**Work instructions:** Pictures are not part of the copy; reproduce the remaining data exactly.

**Given information:**
============================================================

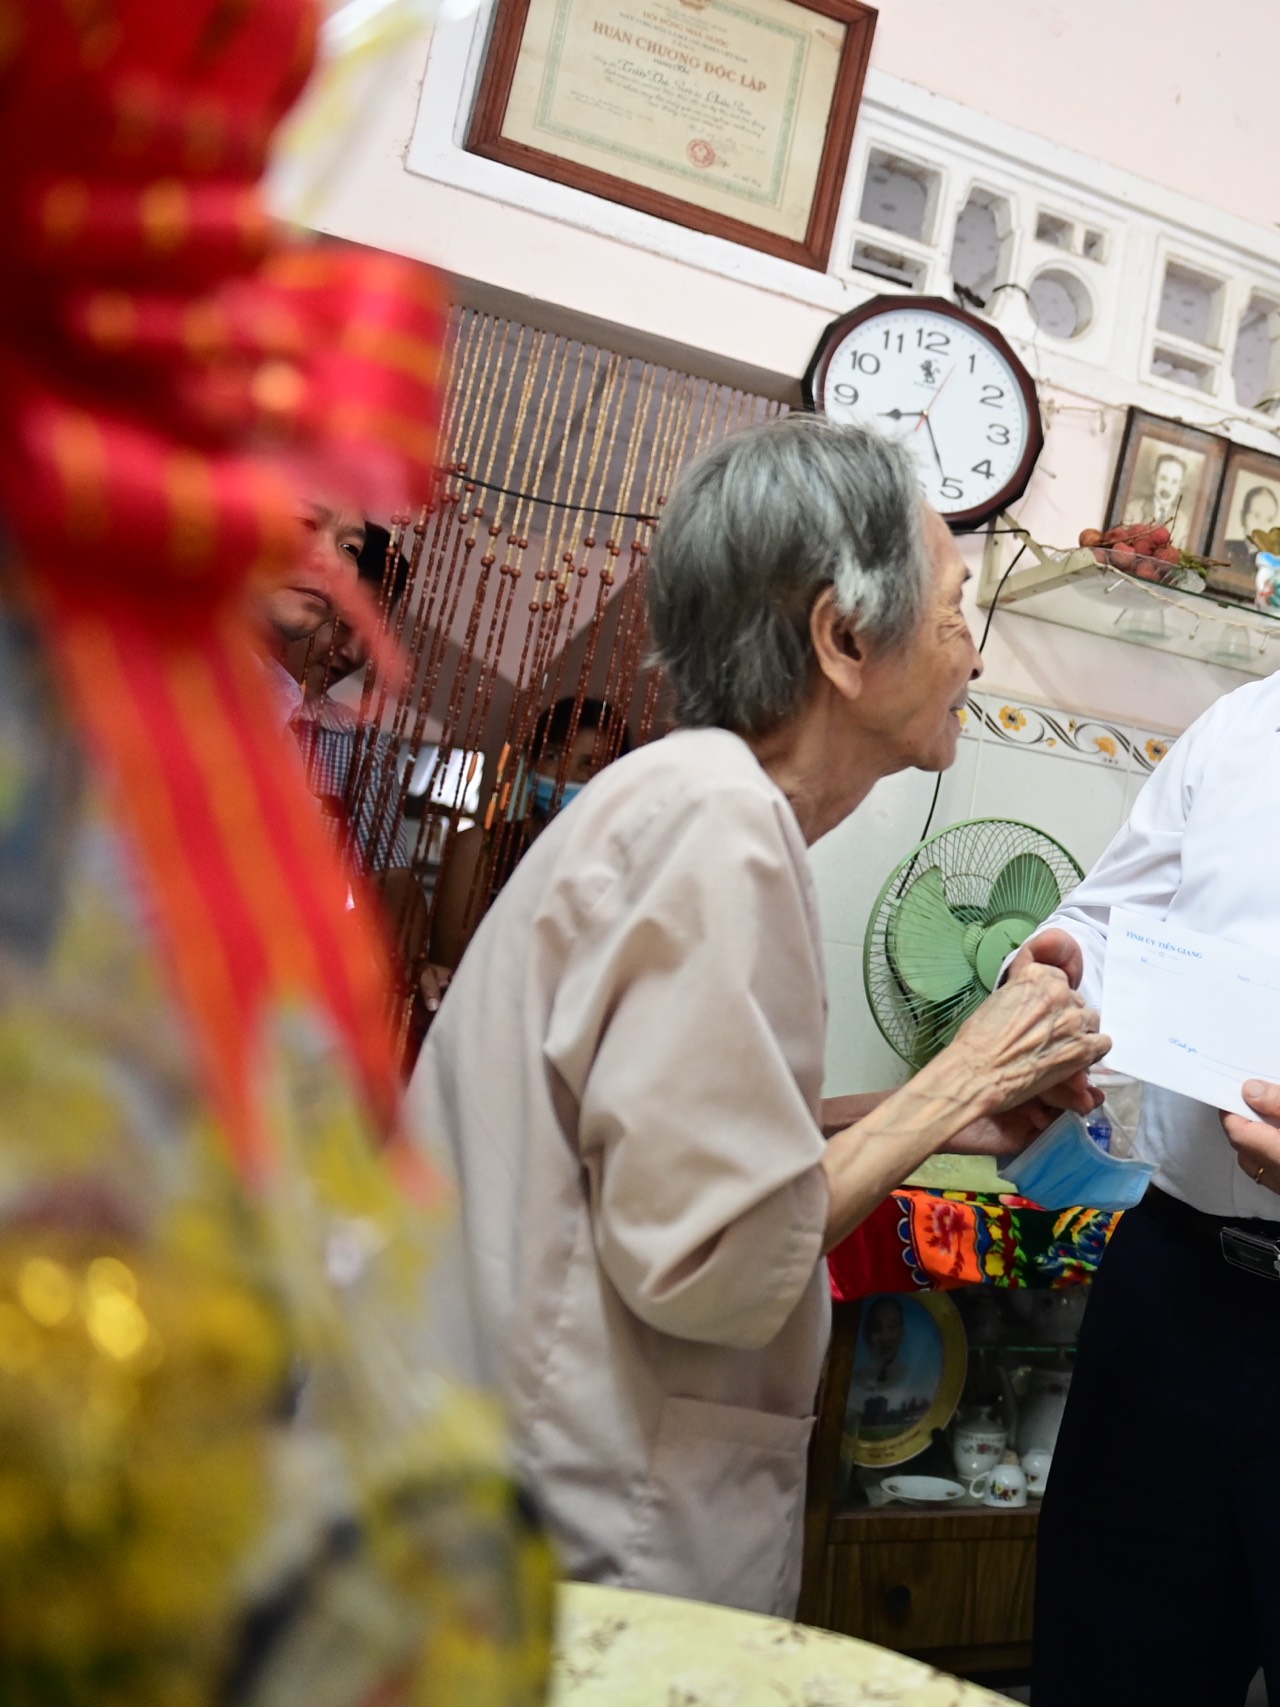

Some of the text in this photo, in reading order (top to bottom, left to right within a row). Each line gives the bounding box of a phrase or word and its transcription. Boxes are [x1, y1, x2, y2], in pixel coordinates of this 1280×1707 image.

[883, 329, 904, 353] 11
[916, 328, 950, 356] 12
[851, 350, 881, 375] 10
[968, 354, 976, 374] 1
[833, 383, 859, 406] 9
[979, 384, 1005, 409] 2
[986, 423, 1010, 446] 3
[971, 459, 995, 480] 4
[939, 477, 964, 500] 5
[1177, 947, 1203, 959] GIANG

============================================================

**Answer to this exercise:**
Some of the text in this photo, in reading order (top to bottom, left to right within a row). Each line gives the bounding box of a phrase or word and its transcription. Boxes are [x1, y1, x2, y2], in pixel coordinates of this 1280×1707 image.

[883, 329, 904, 353] 11
[916, 328, 950, 356] 12
[851, 350, 881, 375] 10
[968, 354, 976, 374] 1
[833, 383, 859, 406] 9
[979, 384, 1005, 409] 2
[986, 423, 1010, 446] 3
[971, 459, 995, 480] 4
[939, 477, 964, 500] 5
[1177, 947, 1203, 959] GIANG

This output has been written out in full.